- **Your assignment**
Every entry is to be restated exactly; pictures are not part of the copy.
>>>
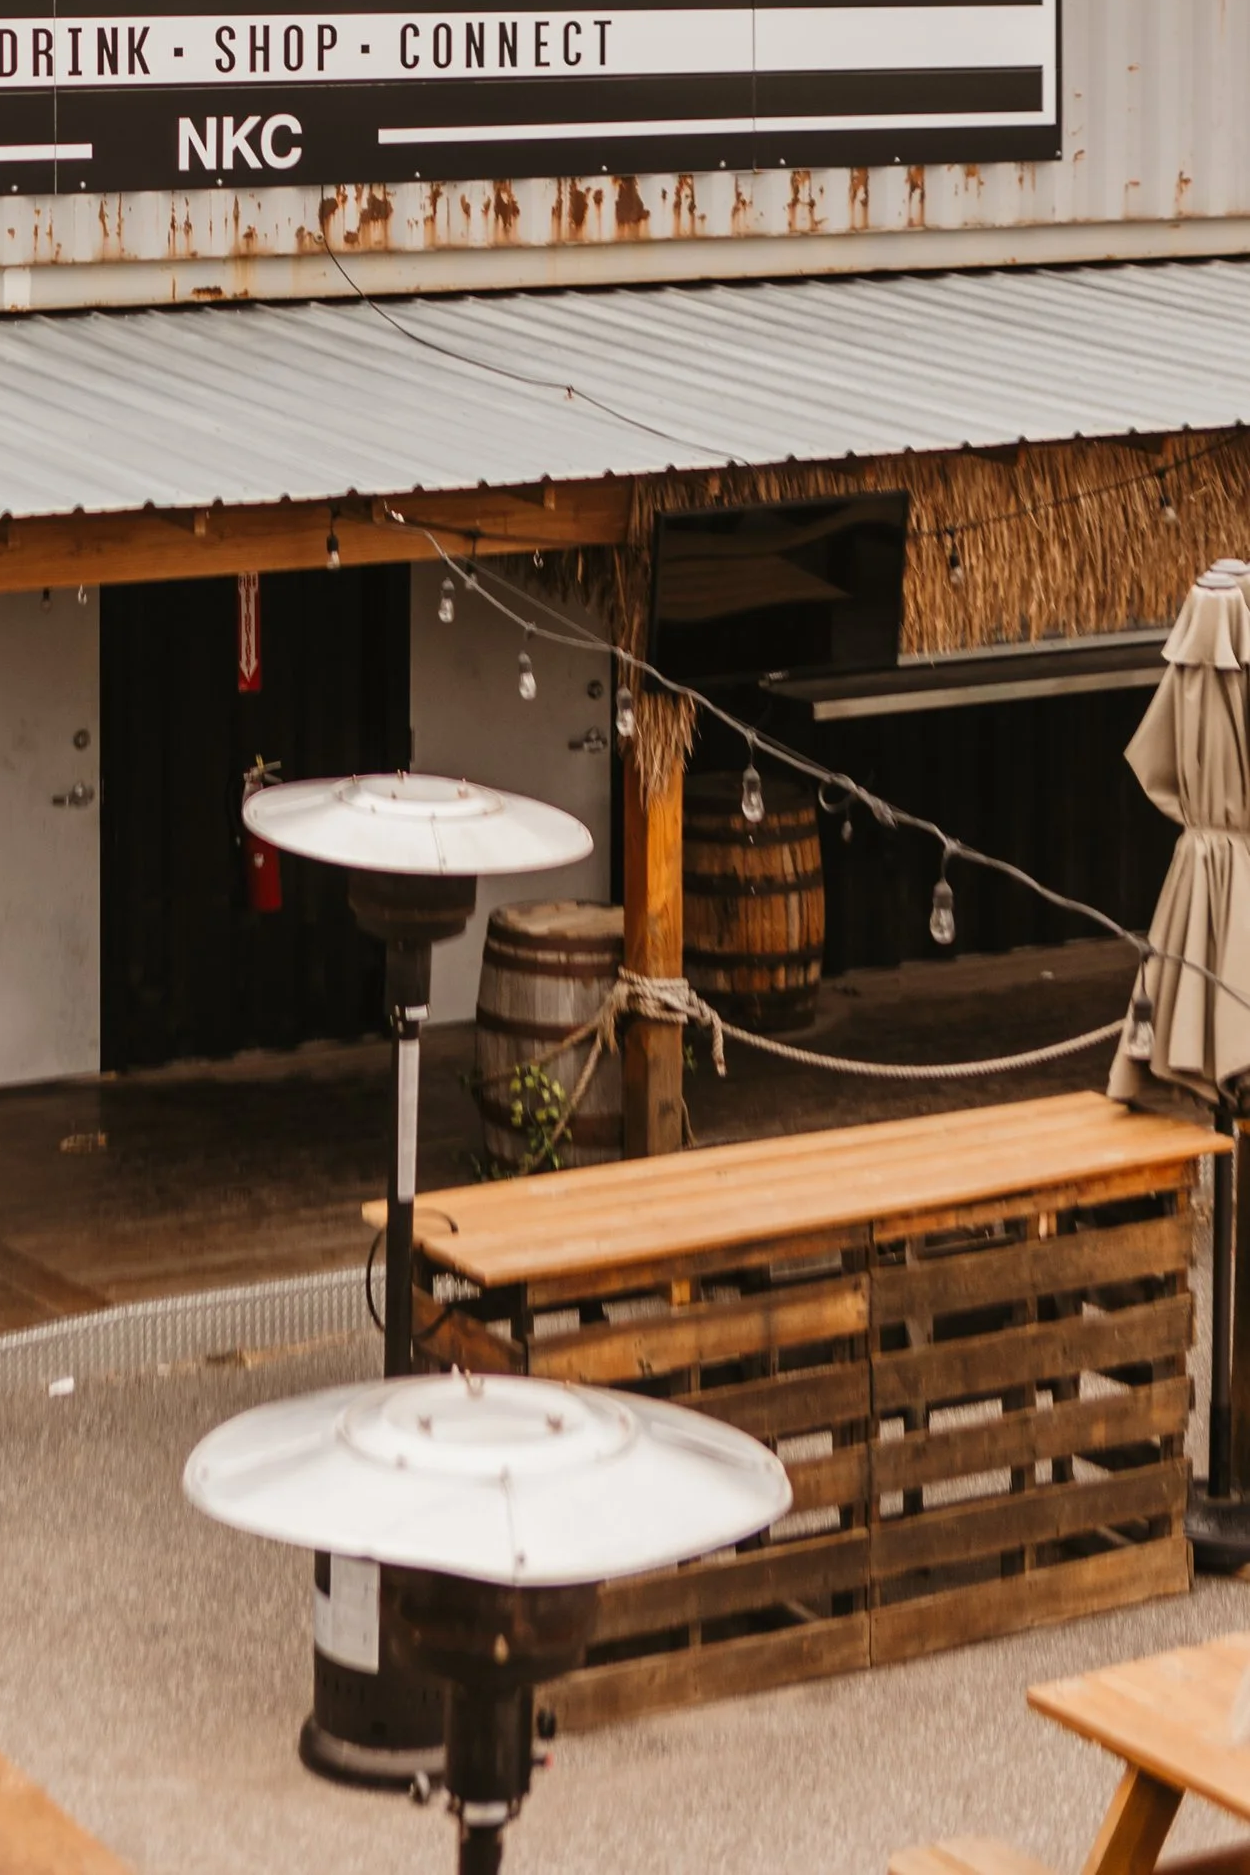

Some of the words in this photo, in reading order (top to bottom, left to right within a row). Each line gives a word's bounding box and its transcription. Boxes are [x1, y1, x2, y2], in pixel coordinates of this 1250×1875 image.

[214, 23, 338, 75] SHOP
[399, 19, 613, 70] CONNECT
[177, 113, 303, 172] NKC
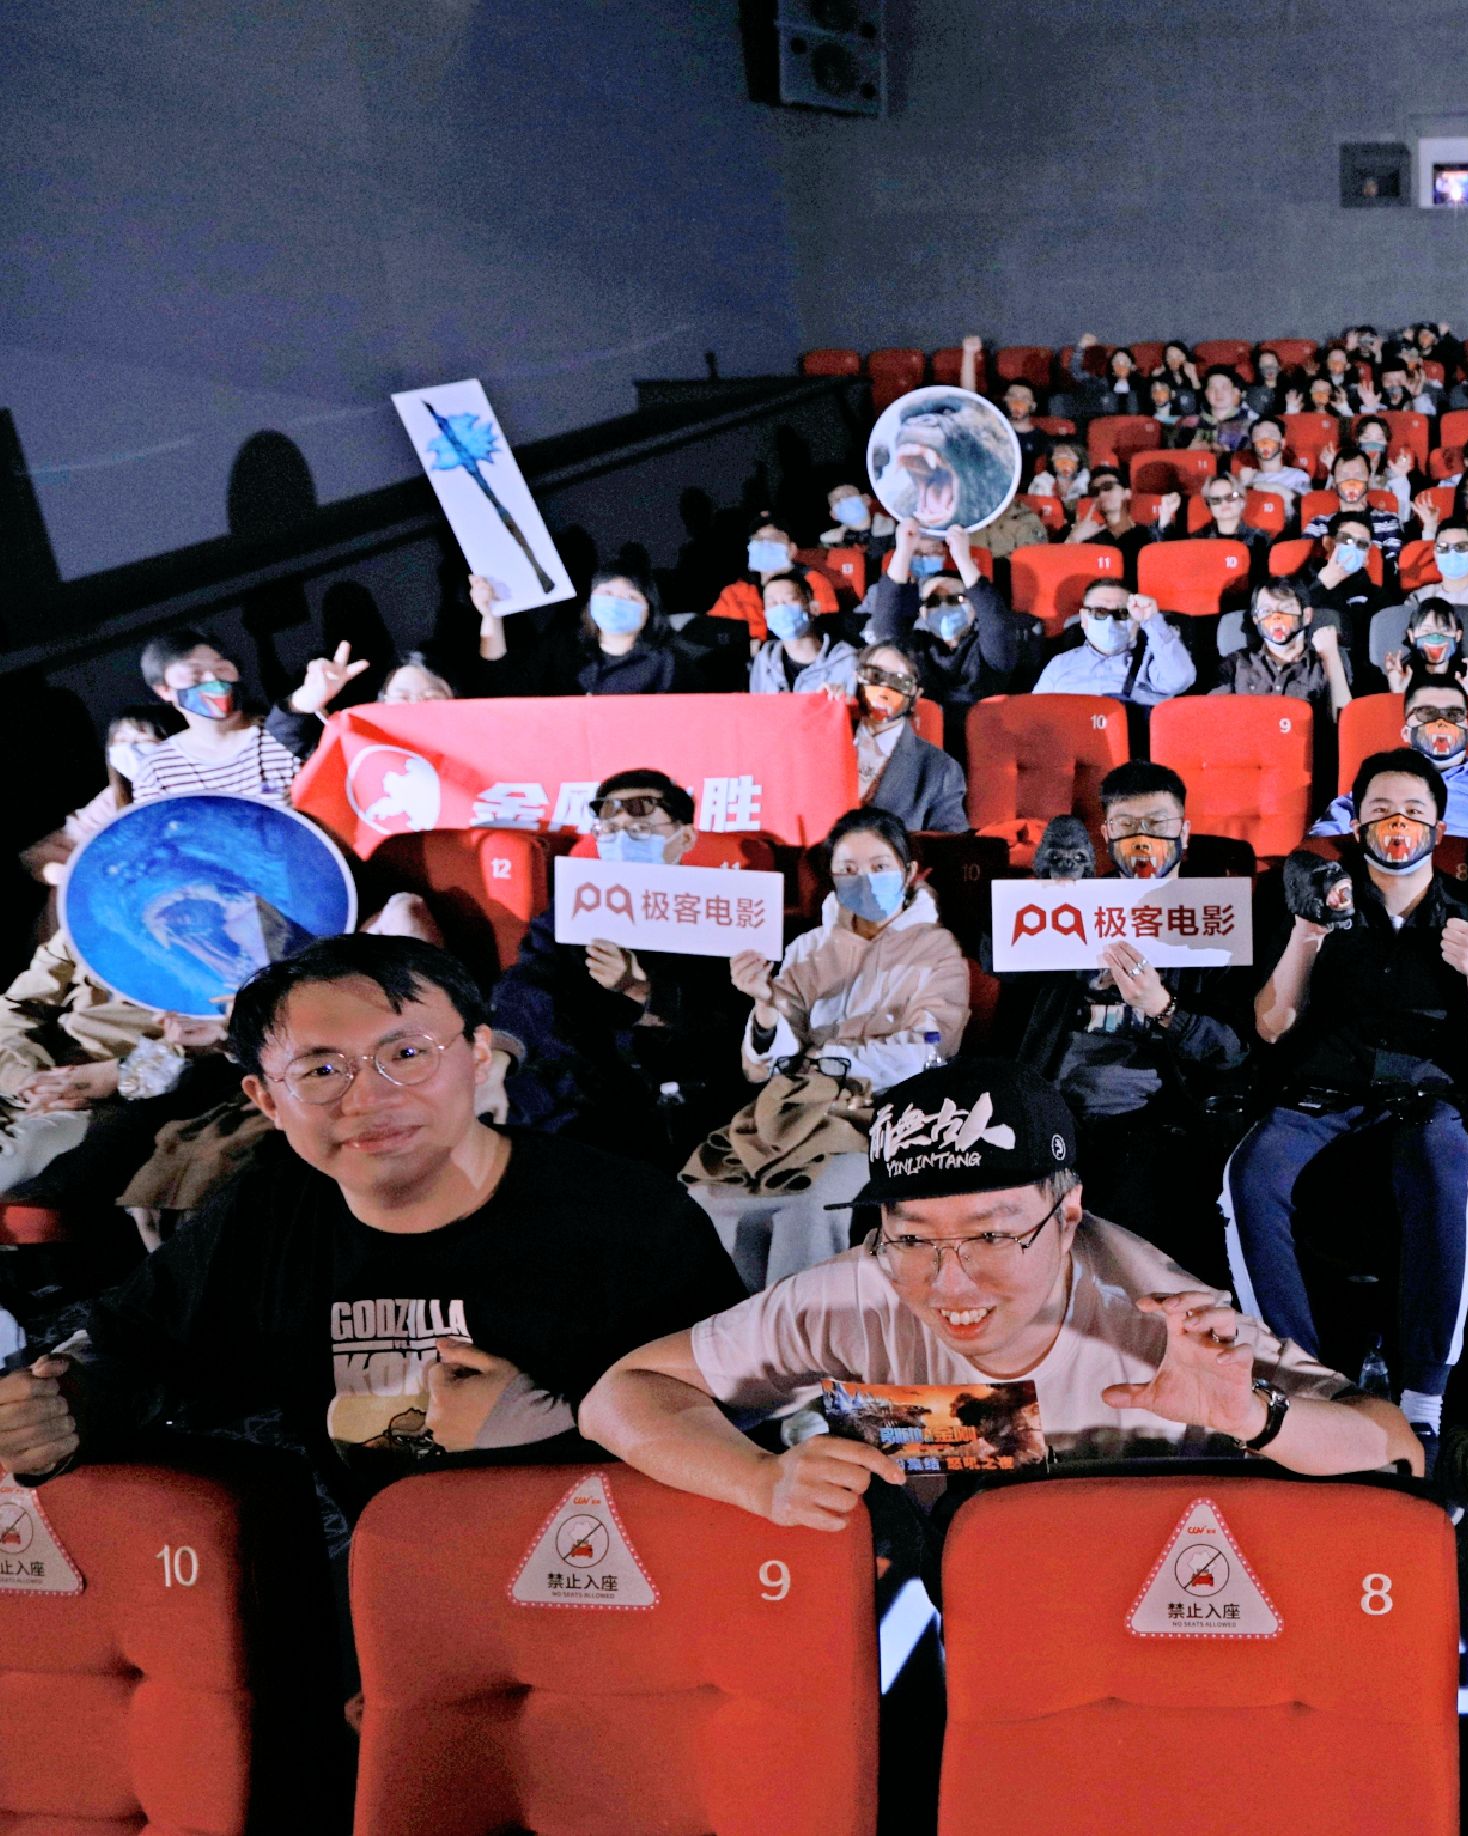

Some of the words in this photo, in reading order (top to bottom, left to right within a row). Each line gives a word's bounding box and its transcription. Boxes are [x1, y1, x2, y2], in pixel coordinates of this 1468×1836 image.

[1097, 558, 1110, 568] 11
[1225, 557, 1238, 568] 10
[1091, 715, 1107, 730] 10
[1279, 718, 1292, 733] 9
[491, 858, 512, 879] 12
[642, 889, 766, 928] 极客电影
[1094, 904, 1234, 938] 极客电影
[886, 1150, 982, 1178] YINLINTANG
[331, 1299, 470, 1340] GODZILLA
[155, 1544, 198, 1587] 10
[548, 1573, 619, 1591] 禁止入座
[759, 1560, 791, 1601] 9
[1361, 1573, 1393, 1616] 8
[1168, 1603, 1240, 1619] 禁止入座
<<<
- **Written response**
Some of the words in this photo, in reading order (top to bottom, left to right within a row). Each line gives a word's bounding box and its transcription. Boxes are [x1, y1, x2, y2], in pixel coordinates of this 1250×1875 image.

[214, 23, 338, 75] SHOP
[399, 19, 613, 70] CONNECT
[177, 113, 303, 172] NKC

Some of the words in this photo, in reading order (top to bottom, left to right within a row). Each line gives a word's bounding box and its transcription. Boxes are [x1, y1, x2, y2], in pixel coordinates of this 1468×1836 image.

[1097, 558, 1110, 568] 11
[1225, 557, 1238, 568] 10
[1091, 715, 1107, 730] 10
[1279, 718, 1292, 733] 9
[491, 858, 512, 879] 12
[642, 889, 766, 928] 极客电影
[1094, 904, 1234, 938] 极客电影
[886, 1150, 982, 1178] YINLINTANG
[331, 1299, 470, 1340] GODZILLA
[155, 1544, 198, 1587] 10
[548, 1573, 619, 1591] 禁止入座
[759, 1560, 791, 1601] 9
[1361, 1573, 1393, 1616] 8
[1168, 1603, 1240, 1619] 禁止入座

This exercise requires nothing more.